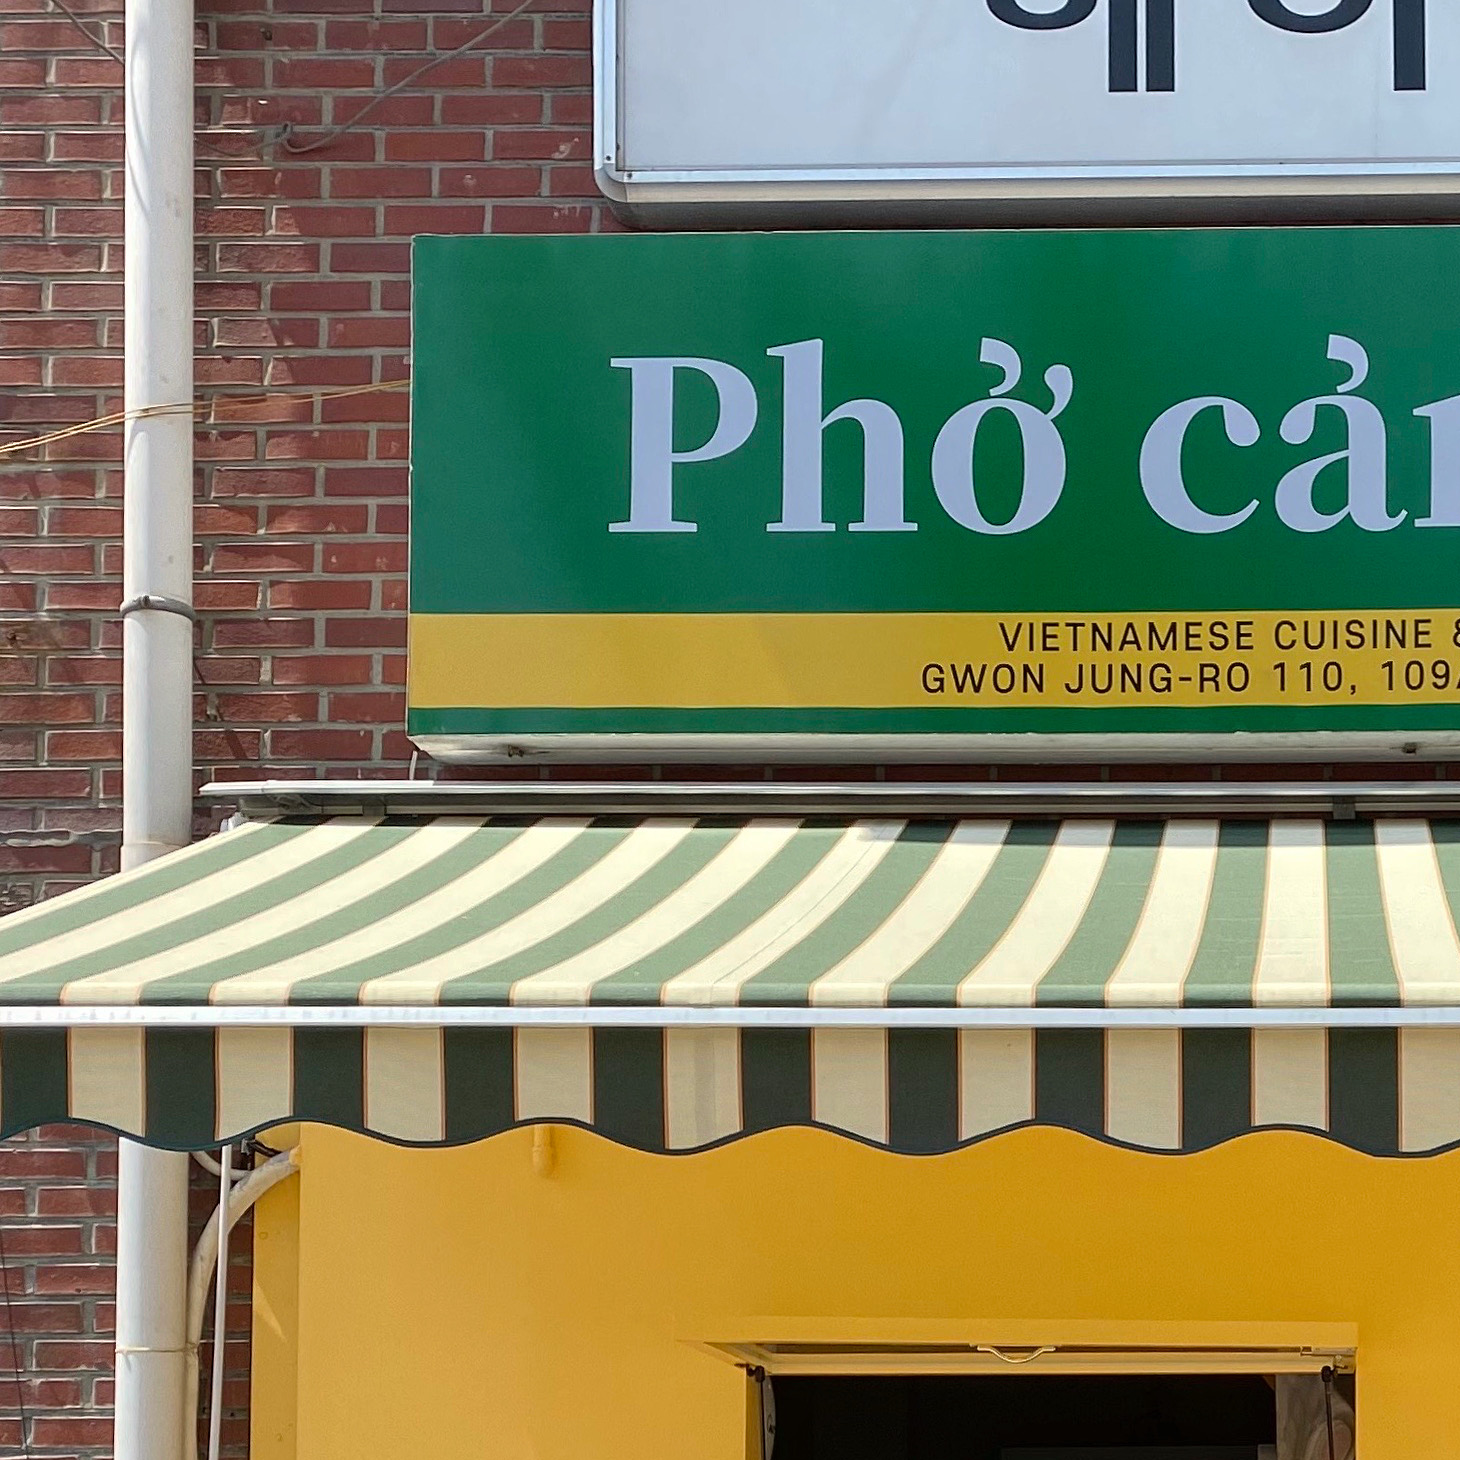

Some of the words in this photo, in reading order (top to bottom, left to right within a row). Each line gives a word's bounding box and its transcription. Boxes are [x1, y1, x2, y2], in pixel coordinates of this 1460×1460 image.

[608, 337, 1074, 535] Phở
[998, 620, 1255, 652] VIETNAMESE
[1274, 617, 1433, 650] CUISINE
[921, 663, 1046, 695] GWON
[1064, 661, 1251, 694] JUNG-RO
[1273, 660, 1358, 697] 110,
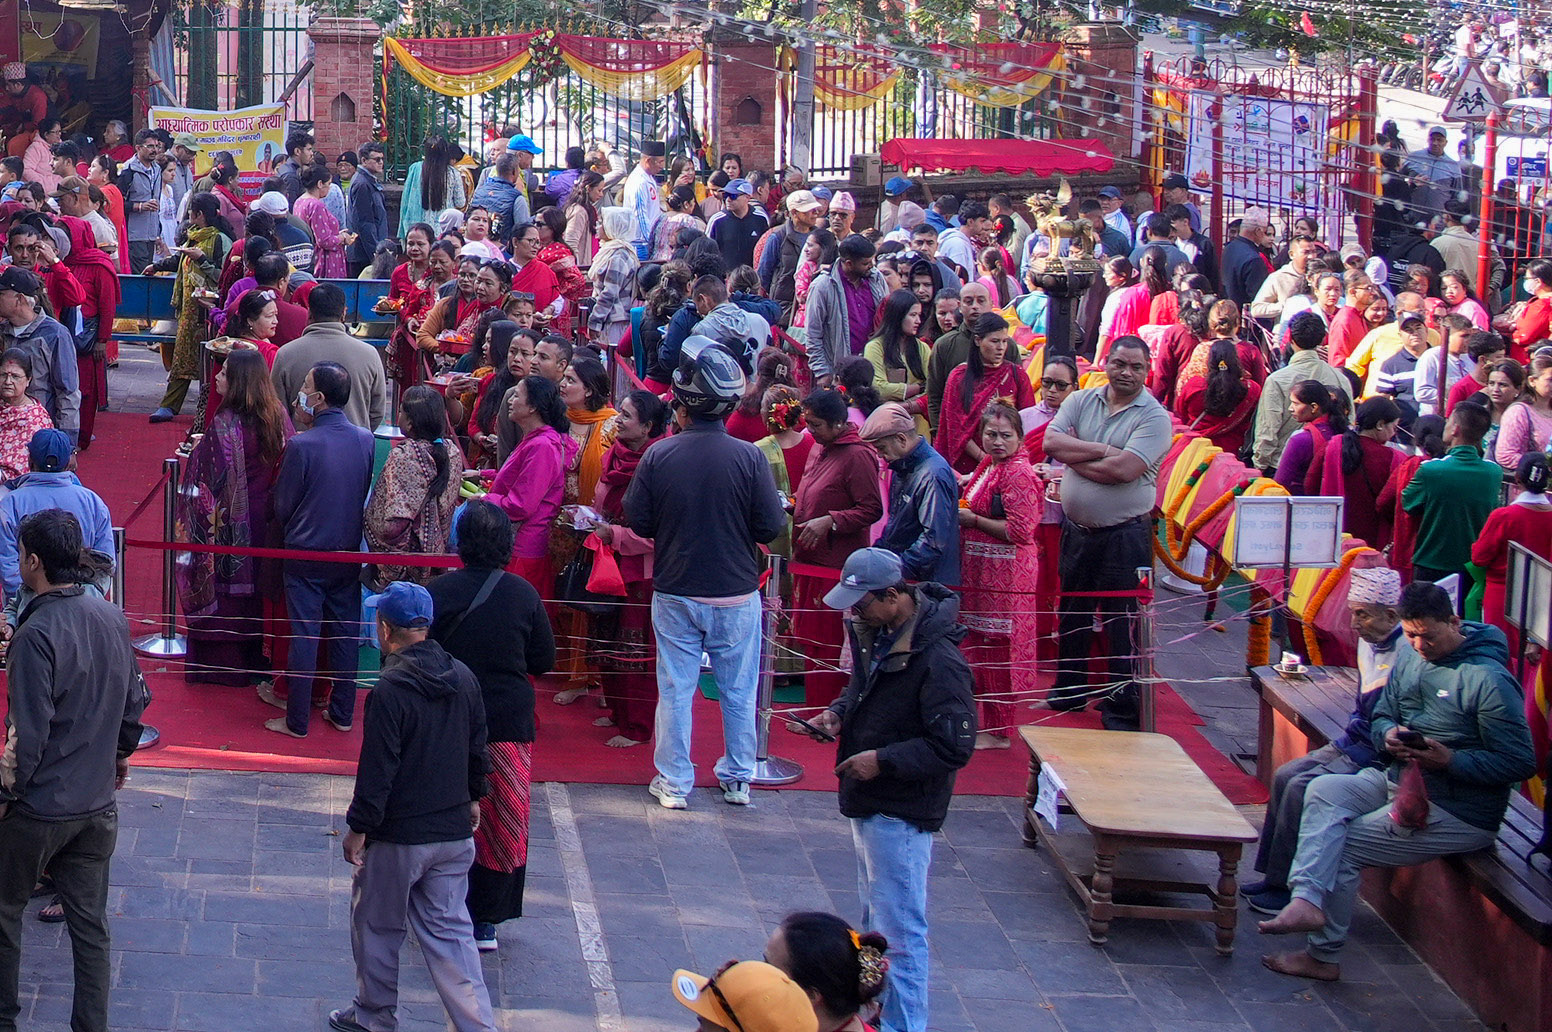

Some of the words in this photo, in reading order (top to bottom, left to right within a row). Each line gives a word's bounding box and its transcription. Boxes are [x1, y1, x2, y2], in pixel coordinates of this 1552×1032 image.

[155, 117, 210, 133] आध्यात्मिक
[212, 116, 255, 132] परोपकार
[257, 113, 282, 130] संस्था

+ + + + + + +

WORK TASK:
Copy out each line of the data exactly as it reads; skip the pictures.

SOLVED PROBLEM:
Some of the words in this photo, in reading order (top to bottom, left to right within a row). Each line gives a word's bounding box and its transcription. Boxes are [x1, y1, x2, y2], in pixel coordinates of this 1460×1460 image.

[608, 337, 1074, 535] Phở
[998, 620, 1255, 652] VIETNAMESE
[1274, 617, 1433, 650] CUISINE
[921, 663, 1046, 695] GWON
[1064, 661, 1251, 694] JUNG-RO
[1273, 660, 1358, 697] 110,

Some of the words in this photo, in reading order (top to bottom, left to right within a row). Each line gives a word's bounding box and its transcription. Boxes are [x1, y1, x2, y2], in pixel coordinates of this 1552×1032 image.

[155, 117, 210, 133] आध्यात्मिक
[212, 116, 255, 132] परोपकार
[257, 113, 282, 130] संस्था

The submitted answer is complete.